Flutter is Google’s free and open-source cross-platform mobile application framework that was released in 2017.
Flutter uses Dart programming language and is based on the concept of building native applications for Android, iOS, web, and desktop. Flutter is built on top of the existing frameworks of the respective platforms.
Flutter gives developers an easy way to build and deploy visually appealing, mobile, web, and desktop applications using the same codebase.
What is a Widget?
Whenever you navigate to a website, you can view a whole lot of visual items such as a search box or a chat bot. Clicking on the item will navigate you to the information you require.
Thus, widget is an element or a “mini-app” that displays a small amount of information on screen at all times and interacts with the user.
What are Widgets in Flutter and why are they important?
Flutter widgets are small pieces of code that allow developers to create rich user interfaces. They are similar to HTML elements, except they run inside a native application framework.
Widgets are designed to make developing cross-platform mobile applications easier. It includes controls like buttons, switches, sliders, text fields, pickers, and date/time pickers.
Flutter widgets are built using a modern framework that takes inspiration from React, allowing you to build your UI out of widgets.
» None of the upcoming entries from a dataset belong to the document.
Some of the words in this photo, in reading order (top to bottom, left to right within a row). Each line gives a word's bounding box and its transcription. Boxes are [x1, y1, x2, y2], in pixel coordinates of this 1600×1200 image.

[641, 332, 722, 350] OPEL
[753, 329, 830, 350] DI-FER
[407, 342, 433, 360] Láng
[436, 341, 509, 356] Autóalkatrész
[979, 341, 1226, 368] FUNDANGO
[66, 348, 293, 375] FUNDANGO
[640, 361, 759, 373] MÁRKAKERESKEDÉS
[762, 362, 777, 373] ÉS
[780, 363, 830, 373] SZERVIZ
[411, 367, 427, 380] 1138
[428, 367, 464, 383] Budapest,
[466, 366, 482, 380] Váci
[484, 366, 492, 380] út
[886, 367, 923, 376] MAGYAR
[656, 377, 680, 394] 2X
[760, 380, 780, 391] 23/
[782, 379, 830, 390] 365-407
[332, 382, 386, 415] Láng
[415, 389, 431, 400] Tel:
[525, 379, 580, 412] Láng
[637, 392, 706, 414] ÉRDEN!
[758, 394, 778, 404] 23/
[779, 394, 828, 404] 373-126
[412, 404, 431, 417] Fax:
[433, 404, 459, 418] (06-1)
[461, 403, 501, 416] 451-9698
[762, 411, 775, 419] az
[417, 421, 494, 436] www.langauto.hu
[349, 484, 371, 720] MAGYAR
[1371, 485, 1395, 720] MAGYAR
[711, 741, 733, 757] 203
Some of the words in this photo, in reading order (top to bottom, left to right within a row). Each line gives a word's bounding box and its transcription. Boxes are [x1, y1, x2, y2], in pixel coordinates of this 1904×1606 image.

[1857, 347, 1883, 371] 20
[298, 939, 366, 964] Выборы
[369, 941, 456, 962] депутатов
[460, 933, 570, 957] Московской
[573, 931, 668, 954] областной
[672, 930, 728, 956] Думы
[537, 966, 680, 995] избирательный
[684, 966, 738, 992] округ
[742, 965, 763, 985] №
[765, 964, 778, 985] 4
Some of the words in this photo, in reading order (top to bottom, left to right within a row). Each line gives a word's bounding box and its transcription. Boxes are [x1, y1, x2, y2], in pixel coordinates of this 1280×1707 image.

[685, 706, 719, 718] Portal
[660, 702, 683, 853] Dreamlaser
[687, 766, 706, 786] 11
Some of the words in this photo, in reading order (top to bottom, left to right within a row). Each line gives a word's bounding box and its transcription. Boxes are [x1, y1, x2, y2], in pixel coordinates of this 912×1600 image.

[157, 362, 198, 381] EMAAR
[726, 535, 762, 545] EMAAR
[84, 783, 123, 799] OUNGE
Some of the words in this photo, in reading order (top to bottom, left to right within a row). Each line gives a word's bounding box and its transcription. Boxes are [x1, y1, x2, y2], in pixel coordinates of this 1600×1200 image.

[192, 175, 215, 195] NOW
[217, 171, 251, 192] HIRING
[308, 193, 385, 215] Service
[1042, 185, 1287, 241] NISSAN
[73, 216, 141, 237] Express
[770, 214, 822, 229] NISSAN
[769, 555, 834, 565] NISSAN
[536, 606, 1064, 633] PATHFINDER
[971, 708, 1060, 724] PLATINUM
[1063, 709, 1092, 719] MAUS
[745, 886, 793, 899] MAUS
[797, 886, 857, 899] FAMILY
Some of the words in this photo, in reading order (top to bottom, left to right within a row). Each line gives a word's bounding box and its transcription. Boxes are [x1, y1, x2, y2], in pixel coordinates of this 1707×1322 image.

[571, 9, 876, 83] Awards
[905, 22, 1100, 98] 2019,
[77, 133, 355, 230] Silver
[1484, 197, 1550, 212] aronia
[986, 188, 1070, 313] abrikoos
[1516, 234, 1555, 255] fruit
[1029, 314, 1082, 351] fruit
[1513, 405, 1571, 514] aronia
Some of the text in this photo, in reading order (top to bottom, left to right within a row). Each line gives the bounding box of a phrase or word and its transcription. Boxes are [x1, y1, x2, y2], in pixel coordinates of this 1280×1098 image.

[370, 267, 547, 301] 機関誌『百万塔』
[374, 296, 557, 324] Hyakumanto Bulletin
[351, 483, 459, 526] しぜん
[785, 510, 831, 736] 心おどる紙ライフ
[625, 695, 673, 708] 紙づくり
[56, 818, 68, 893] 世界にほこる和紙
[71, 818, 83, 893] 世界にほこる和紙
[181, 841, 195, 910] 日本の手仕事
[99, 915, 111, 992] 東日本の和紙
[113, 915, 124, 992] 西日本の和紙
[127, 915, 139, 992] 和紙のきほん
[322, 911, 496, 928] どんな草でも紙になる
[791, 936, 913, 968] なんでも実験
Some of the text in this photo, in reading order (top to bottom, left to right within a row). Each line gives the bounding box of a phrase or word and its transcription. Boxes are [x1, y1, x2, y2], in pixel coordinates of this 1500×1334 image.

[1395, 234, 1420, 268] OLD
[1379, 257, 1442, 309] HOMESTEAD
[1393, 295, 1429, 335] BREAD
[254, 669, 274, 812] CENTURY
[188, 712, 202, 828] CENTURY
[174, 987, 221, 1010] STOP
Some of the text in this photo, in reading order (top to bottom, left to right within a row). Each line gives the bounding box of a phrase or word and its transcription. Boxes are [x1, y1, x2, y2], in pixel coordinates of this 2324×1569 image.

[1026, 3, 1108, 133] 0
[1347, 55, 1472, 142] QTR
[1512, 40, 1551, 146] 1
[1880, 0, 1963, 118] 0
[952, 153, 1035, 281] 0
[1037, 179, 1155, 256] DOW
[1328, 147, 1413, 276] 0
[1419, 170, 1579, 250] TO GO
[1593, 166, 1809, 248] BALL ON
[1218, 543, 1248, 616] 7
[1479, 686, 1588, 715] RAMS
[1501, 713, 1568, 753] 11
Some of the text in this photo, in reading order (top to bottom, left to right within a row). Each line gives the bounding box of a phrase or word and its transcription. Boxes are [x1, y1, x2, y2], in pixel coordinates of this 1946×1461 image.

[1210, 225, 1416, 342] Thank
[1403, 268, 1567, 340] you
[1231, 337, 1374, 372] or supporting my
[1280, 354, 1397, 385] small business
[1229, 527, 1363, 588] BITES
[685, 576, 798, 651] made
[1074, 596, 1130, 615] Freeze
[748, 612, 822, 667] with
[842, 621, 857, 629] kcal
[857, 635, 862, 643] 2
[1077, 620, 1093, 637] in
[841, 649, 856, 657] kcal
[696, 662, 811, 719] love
Widgets describe what their view should look like given their current configuration and state.
When a widget’s state changes, the widget rebuilds its description, which the framework diffs against the previous description in order to determine the minimal changes needed in the underlying render tree to transition from one state to the next.
Flutter gives a list of widgets to the user for specific purposes like text, Container, Scaffold, row, column, AppBar, logo, Icons.
Commonly used Flutter Widgets and their Uses
Text Widgets
The ‘Text’ widgets lets you create a run of styled text within your application. Three types of Text Widgets are DefaultTextStyle, RichText and Text.
The DefaultTextStyle is applied to text styles without an explicit style. The RichText widget displays text that uses multiple different styles.
The text to display is described using a tree of TextSpan objects, each of which has an associated style that is used for that subtree.
The Text Widget displays a string of text with single style.
Cupertino
Cupertino is a class of iOS style widgets used to develop visual user interface for iOS devices.
Some of these widgets include CupertinoDatePicker, CupertinoActionSheet, CupertinoButton, CupertinoContextMenu, CupertinoDialogAction etc.
Material Components
Material Components are interactive Flutter building blocks for creating a visual, behavioral and motion-rich user interface.
They are used to implement layout, information display, buttons, inputs, selection, app structure and navigation.
Animation and Motion
Both Animation and Motion widgets work hand-in-hand and are used to create an illusion of motion of images, widgets.
Some of these widgets include AnimatedAlign, AnimatedList, FadeTransition, Hero, RotationTransition.